Chronic graft-versus-host disease with skin signs suspicious for squamous cell carcinoma

, , , &
Pages 1213-1214 | Received 01 Sep 2012, Accepted 23 Sep 2012, Published online: 03 Dec 2012

Chronic graft-versus-host disease (cGvHD) is a significant complication of allogeneic hematopoietic cell transplantation (HCT). The skin is frequently affected and common findings include lichenoid papules, sclerodermatous thickening or lichen planus-like striae of the oral mucosa. We describe a patient with an unusual presentation of cGvHD.

A 68-year-old woman with a history of secondary acute myeloid leukemia underwent non-myeloablative HLA-matched allogeneic HCT five years ago with subsequent long-term immunosuppressive therapy. She was admitted to Massachusetts General Hospital for surgical resection of a 3.0 × 3.0 cm nodular scaly verrucous lesion with central ulceration on the left anterior tibial surface that had grown larger over a period of three months and was suspicious for squamous cell carcinoma. The patient underwent excision of this lesion with full-thickness skin grafting. The biopsy showed hyperkeratosis and hypergranulosis with prominent lymphovascular dilatation in the superficial dermis on low power (). At higher power (), there were dyskeratotic cells scattered throughout the epidermis, occasionally with adjacent lymphocytes (satellite cell necrosis). The superficial dermis showed a mixed inflammatory infiltrate which included eosinophils and rare plasma cells as well as lymphocytes at the dermal-epidermal interface and deeper in the dermis. The dermis further showed a sclerodermoid reaction with prominent fibrosis and fibrin deposition in a perivascular distribution around ectatic vessels. There was no evidence of dysplastic epithelial cells, increased mitotic activity or invasion of the underlying stroma, excluding a diagnosis of squamous cell carcinoma.

Figure 1. Low power magnification of biopsy showing hyperkeratosis and hypergranulosis with prominent lymphovascular dilatation in the superficial dermis.

Figure 1. Low power magnification of biopsy showing hyperkeratosis and hypergranulosis with prominent lymphovascular dilatation in the superficial dermis.

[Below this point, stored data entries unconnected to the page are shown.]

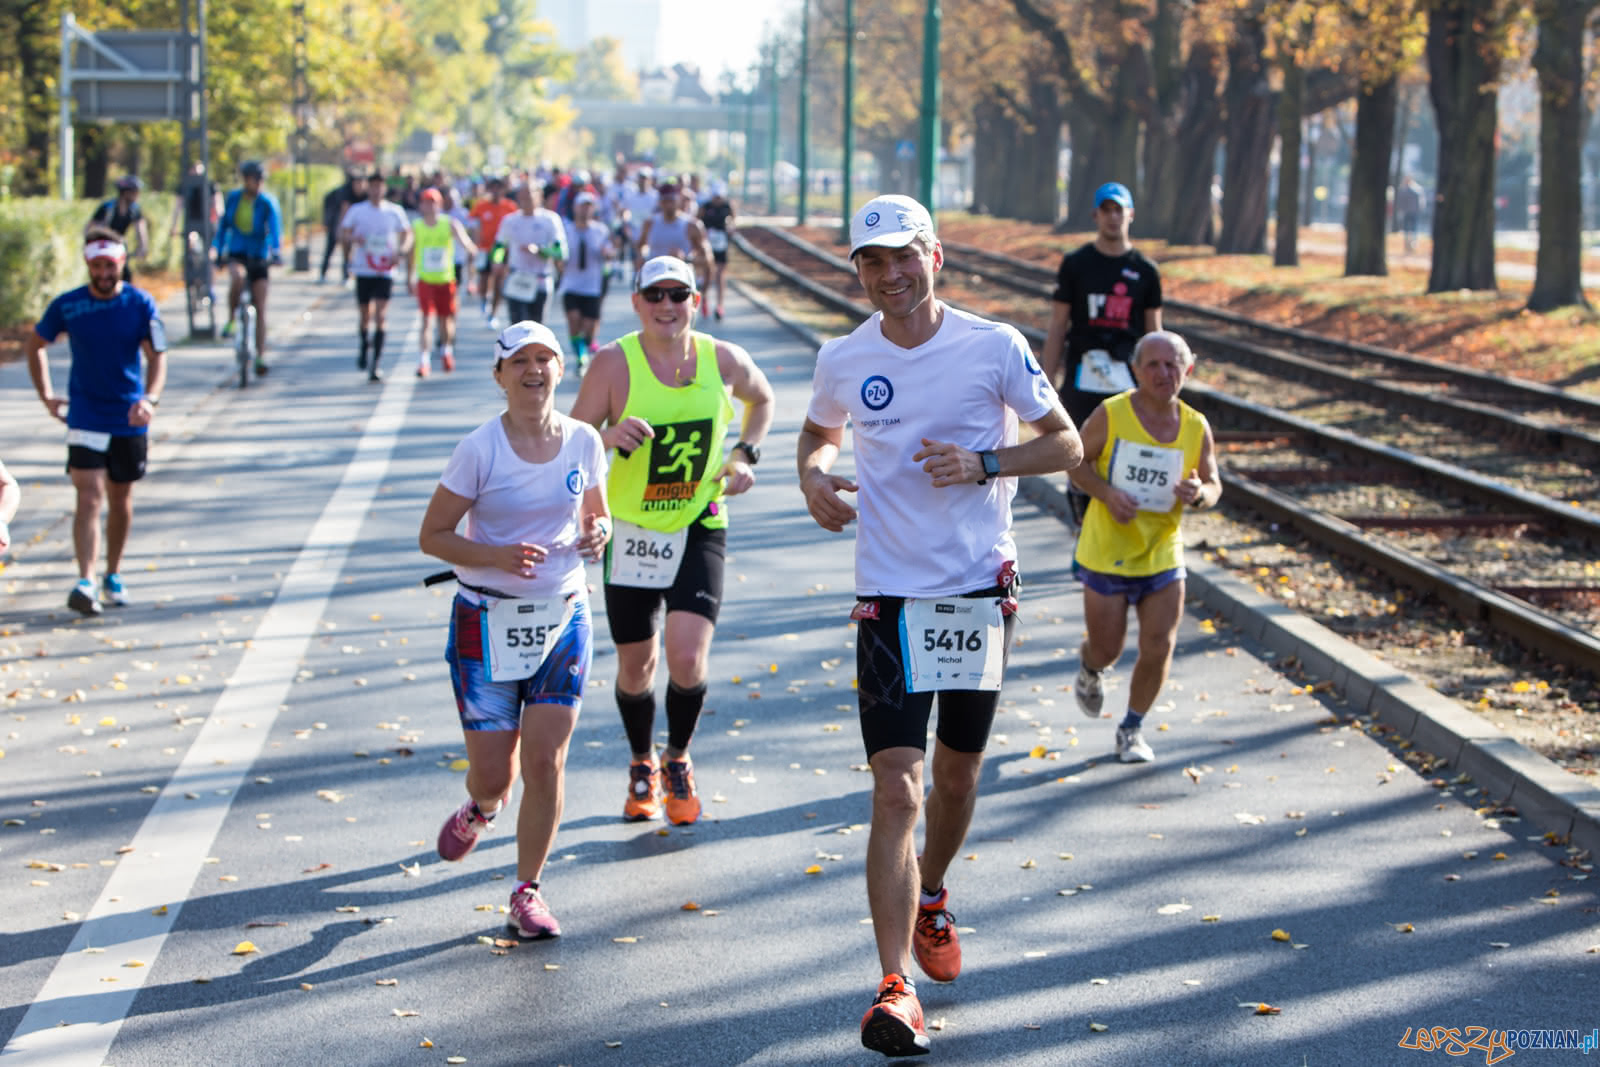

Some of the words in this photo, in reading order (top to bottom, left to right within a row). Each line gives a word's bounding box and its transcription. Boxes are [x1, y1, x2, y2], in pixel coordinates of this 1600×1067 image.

[867, 385, 887, 401] PZU
[860, 419, 880, 428] PORT
[881, 417, 901, 426] TEAM
[1125, 464, 1169, 487] 3875
[655, 483, 695, 499] night
[640, 498, 691, 512] runne
[624, 538, 674, 560] 2846
[506, 624, 558, 648] 535
[924, 628, 982, 652] 5416

Figure 2. A higher power view illustrating dyskeratotic cells scattered throughout the epidermis with occasional adjacent lymphocytes.

Figure 2. A higher power view illustrating dyskeratotic cells scattered throughout the epidermis with occasional adjacent lymphocytes.

The histopathology was consistent with cGvHD and mycophenolate mofetil was added to her immunosuppressive regimen that included methylprednisolone and cyclosporine. Her cGvHD was stable throughout 18 months of follow-up.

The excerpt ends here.